Energy Star Logo

If you have appliances, home electronics or a heating and cooling system, you may have noticed an Energy Star label on one – or potentially all, of them. This widespread logo is part of the products we use on a daily basis and usually serves as a source of pride in knowing we’ve chosen a product that promotes energy efficiency. Did you know though that there are actually numerous requirements and specifications that a product must meet before it can don the Energy Star label? We’ll dig beneath the surface to learn how and why Energy Star was created and what requirements brands need to meet to apply the label to their products. We’ll also go through the EnergyGuide, a different label that can help you make smart and informed energy saving decisions.


Energy Star is actually more than just a logo; it’s a joint program between the Environmental Protection Agency (EPA) and the Department of Energy (DOE). The program was established in 1992 and was created to help consumers, businesses and industries save money while protecting the environment with energy efficient products and practices. International partners in Canada, Japan, Switzerland and Taiwan also use the Energy Star logo and its requirements to advance the efficiency of their products, homes, commercial buildings, and industrial plants.

Since its creation, Energy Star and its partners have avoided roughly $450 billion in energy costs and reduced 4 billion metrics tons of greenhouse gas emissions. To put that into context, 4 billion tons of emissions would be equivalent to more than 480 million homes energy usage for an entire year!


Energy Star vs EnergyGuide Label

We’re used to seeing the Energy Star logo. However it’s not to be confused with the yellow EnergyGuide tag that you normally find on appliances when you first purchase them. This label provides potential purchasers an estimate of annual energy consumption and a sense of where the product ranks compared to others in terms of annual energy cost.

The Energy Star logo simplifies the EnergyGuide’s messaging by saving consumers the effort of processing all the information on the sticker and letting them know the products they’re purchasing as a whole are highly efficient.

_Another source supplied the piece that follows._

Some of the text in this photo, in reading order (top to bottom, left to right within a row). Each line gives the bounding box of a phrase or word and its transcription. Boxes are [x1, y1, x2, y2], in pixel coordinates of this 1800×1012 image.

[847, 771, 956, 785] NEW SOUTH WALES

Not All Appliances Have the Energy Star Logo

You might notice that some devices have the Energy Star logo while others do not. There is criterion established and used by the EPA to ensure that each product that earns the Energy Star logo is independently certified to deliver the efficiency performance and savings that consumers have come to expect. There is a list of Energy Star product specifications that manufacturers should meet for their product to be labeled. For example, one of the requirements is that the product must promote significant energy saving nationwide.

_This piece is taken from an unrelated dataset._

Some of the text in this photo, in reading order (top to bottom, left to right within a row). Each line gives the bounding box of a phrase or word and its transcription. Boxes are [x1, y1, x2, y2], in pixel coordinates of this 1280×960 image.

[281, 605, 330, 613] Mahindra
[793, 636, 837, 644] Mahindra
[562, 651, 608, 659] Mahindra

Tips to Help You Understand the EnergyGuide Tag Better:

Are you finding it difficult to understand what is written on the guide? Here are a few pointers:

  1. Positioning of the labels 
    Despite the requirement that the Energy Star label should be precisely on the product for us to see, at times consumers still struggle to find the tag. The standard position is the exterior, but some manufacturers may place it on the inside. Inspect both the interior and exterior of the product for the label when you are purchasing a product. Alternatively, you can seek help from the salesperson in locating the label placement.
  2. Variety of labels 
    Our brain is trained to spot that yellow EnergyGuide tag but if you don’t automatically see it, keep an eye out! Appliances with updated energy efficiency tests have EnergyGuide labels with bright yellow numbers. Other appliances have original labels with black numbers. Be sure to check the labels before you compare the features of different models. Labels are also appliance-specific. For example, furnace labels don’t show energy costs; dishwasher labels show two costs — one for people who use electric waters heaters, and another for people who use natural gas water heaters.
  3. Cost indication and estimation
    The estimated yearly operating cost and estimated annual electricity use represent what you might pay to run the appliance over the course of a year. It is important to note that the price is estimated and may not be entirely accurate since it is based on the average price of energy and average usage.
  4. Comparison of similar models
    The cost range shows the energy use and operating costs for different models with similar features. These features can assist in making purchase decisions. Compare the cost and usage estimates of two competing products to determine which one will be cheaper to operate depending on your targeted usage. Taking a little time to compare brands’ cost of operation and energy usage can make a difference in increased savings while reducing your energy bills and emissions.

The Energy Star label is a useful tool in the decision-making process of purchasing major appliances. By showing the estimated operating costs of an appliance, as opposed to just the purchase price, you’re able to make a well informed decision that will not only help you save on energy bills, but can also help you reduce energy waste throughout their homes.